What to produce:
Your answer must be the full listing, reproduced exactly, minus any pictures.

■ ■ ■ ■

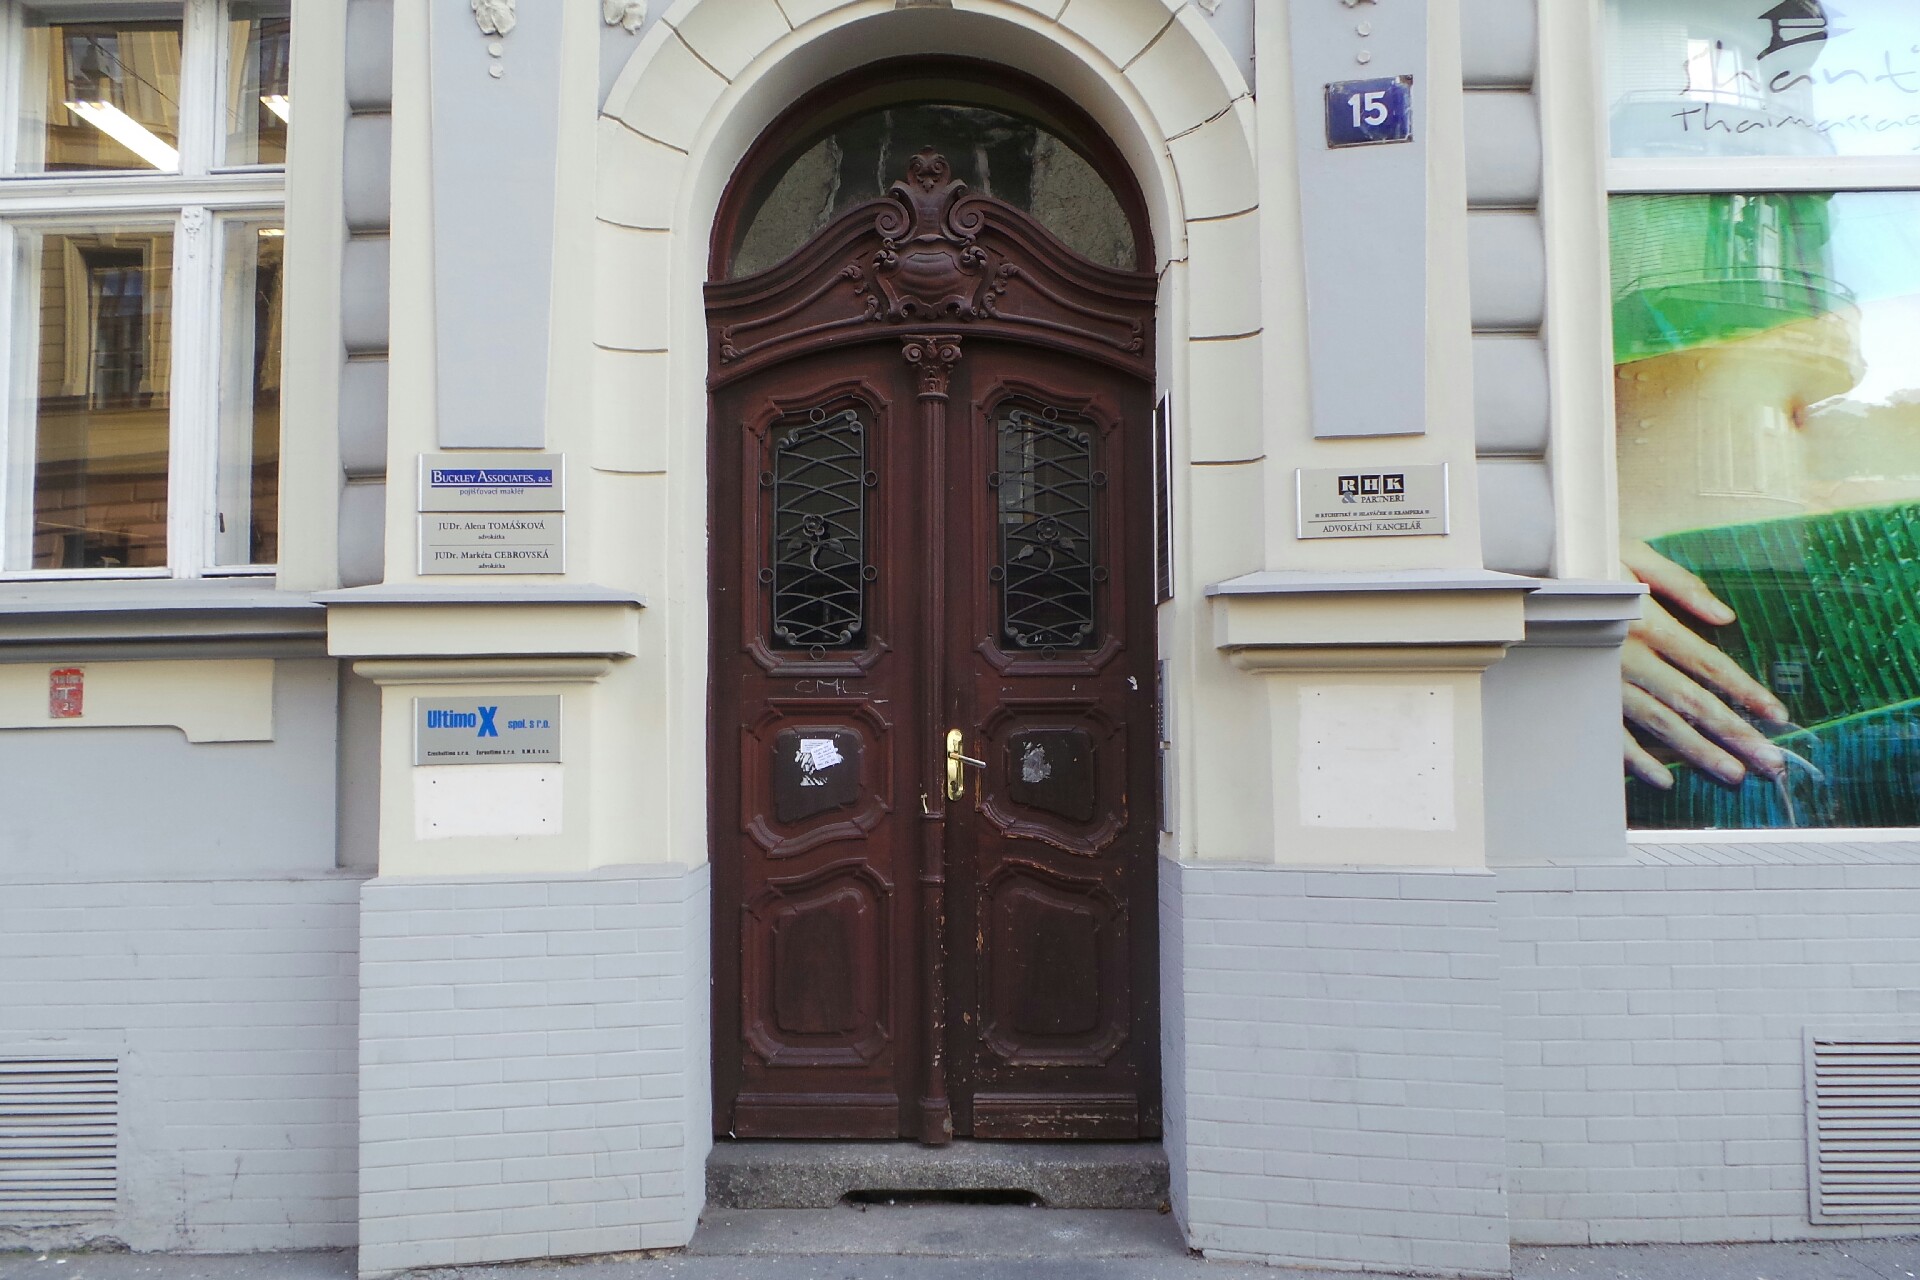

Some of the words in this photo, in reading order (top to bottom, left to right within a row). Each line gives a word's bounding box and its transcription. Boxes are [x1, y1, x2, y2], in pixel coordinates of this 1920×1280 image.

[1347, 90, 1388, 128] 15
[433, 470, 476, 483] BUCKLEY
[538, 475, 551, 483] a.s.
[1340, 476, 1403, 493] RHK
[1341, 491, 1358, 504] &
[438, 522, 462, 531] JUDr.
[465, 521, 486, 530] Alena
[488, 520, 546, 530] TOMÁŠKOVÁ
[1322, 522, 1372, 533] ADVOKÁTNÍ
[1376, 520, 1422, 531] KANCELÁŘ
[435, 551, 458, 560] JUDr.
[461, 550, 492, 559] Markéta
[494, 549, 549, 559] CEBROVSKÁ
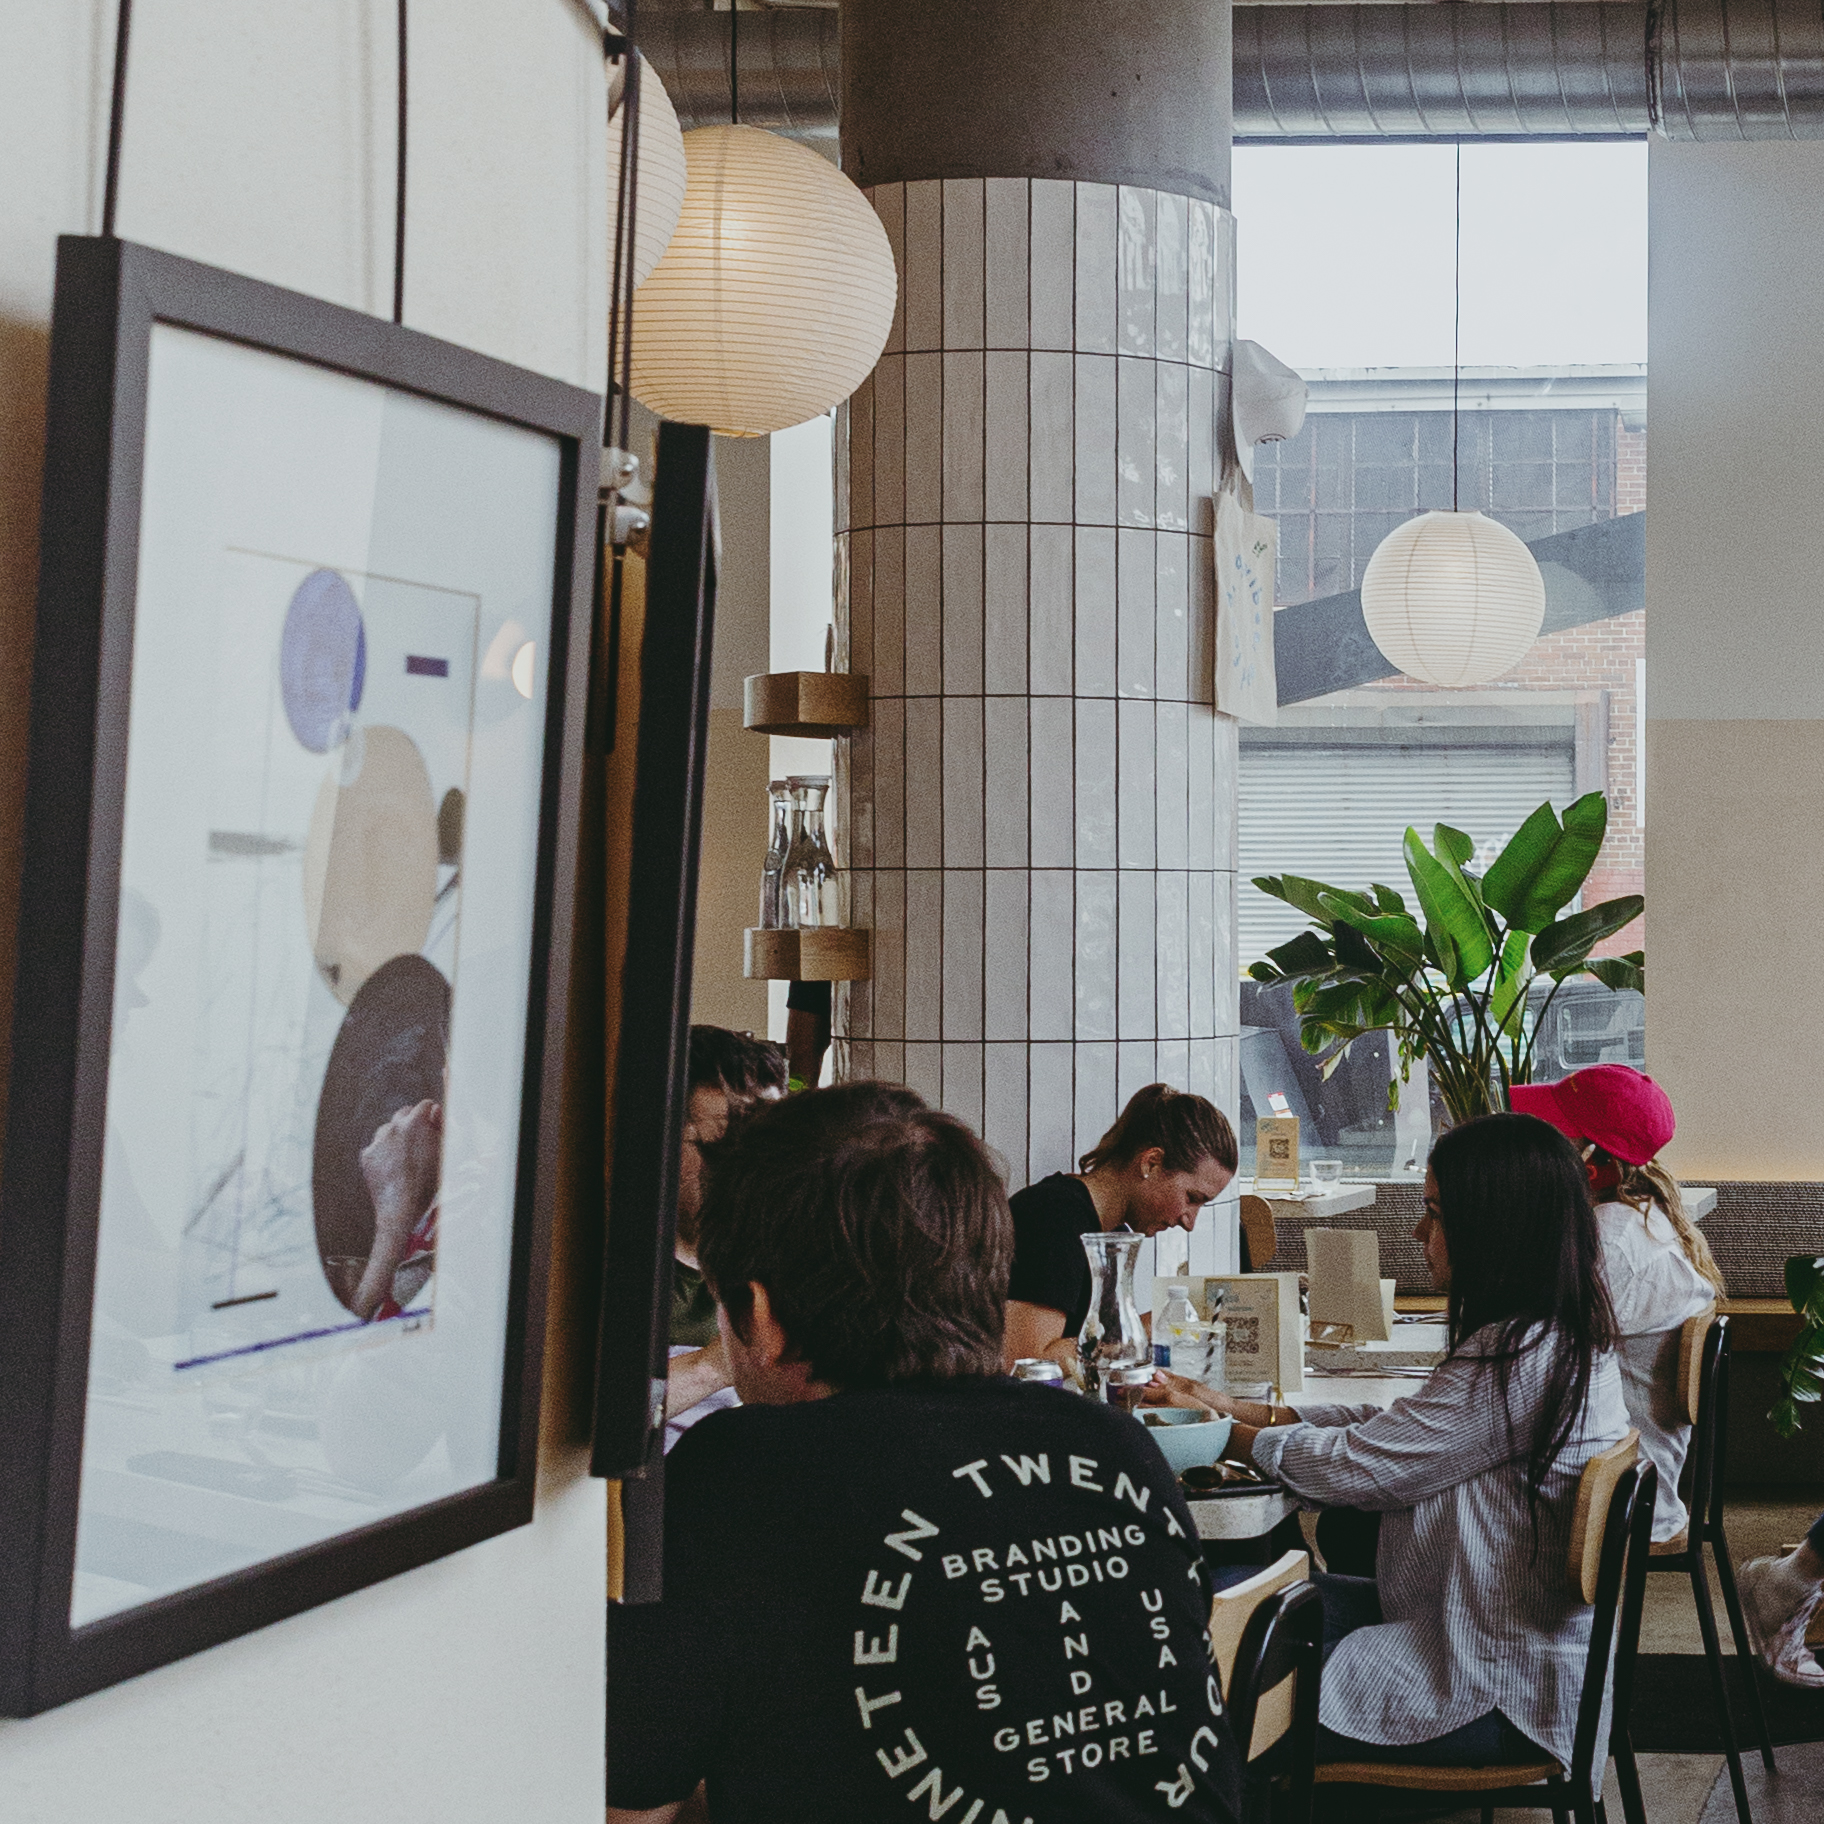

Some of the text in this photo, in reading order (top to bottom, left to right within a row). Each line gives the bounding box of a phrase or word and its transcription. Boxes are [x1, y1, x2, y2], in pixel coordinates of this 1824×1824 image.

■ ■ ■ ■

Response box:
Some of the words in this photo, in reading order (top to bottom, left to right within a row). Each line gives a word's bounding box and its transcription. Boxes are [x1, y1, x2, y2], in pixel coordinates of this 1920×1280 image.

[1347, 90, 1388, 128] 15
[433, 470, 476, 483] BUCKLEY
[538, 475, 551, 483] a.s.
[1340, 476, 1403, 493] RHK
[1341, 491, 1358, 504] &
[438, 522, 462, 531] JUDr.
[465, 521, 486, 530] Alena
[488, 520, 546, 530] TOMÁŠKOVÁ
[1322, 522, 1372, 533] ADVOKÁTNÍ
[1376, 520, 1422, 531] KANCELÁŘ
[435, 551, 458, 560] JUDr.
[461, 550, 492, 559] Markéta
[494, 549, 549, 559] CEBROVSKÁ

Some of the text in this photo, in reading order (top to bottom, left to right within a row). Each line gives the bounding box of a phrase or word and its transcription. Boxes are [x1, y1, x2, y2], in pixel coordinates of this 1824×1824 image.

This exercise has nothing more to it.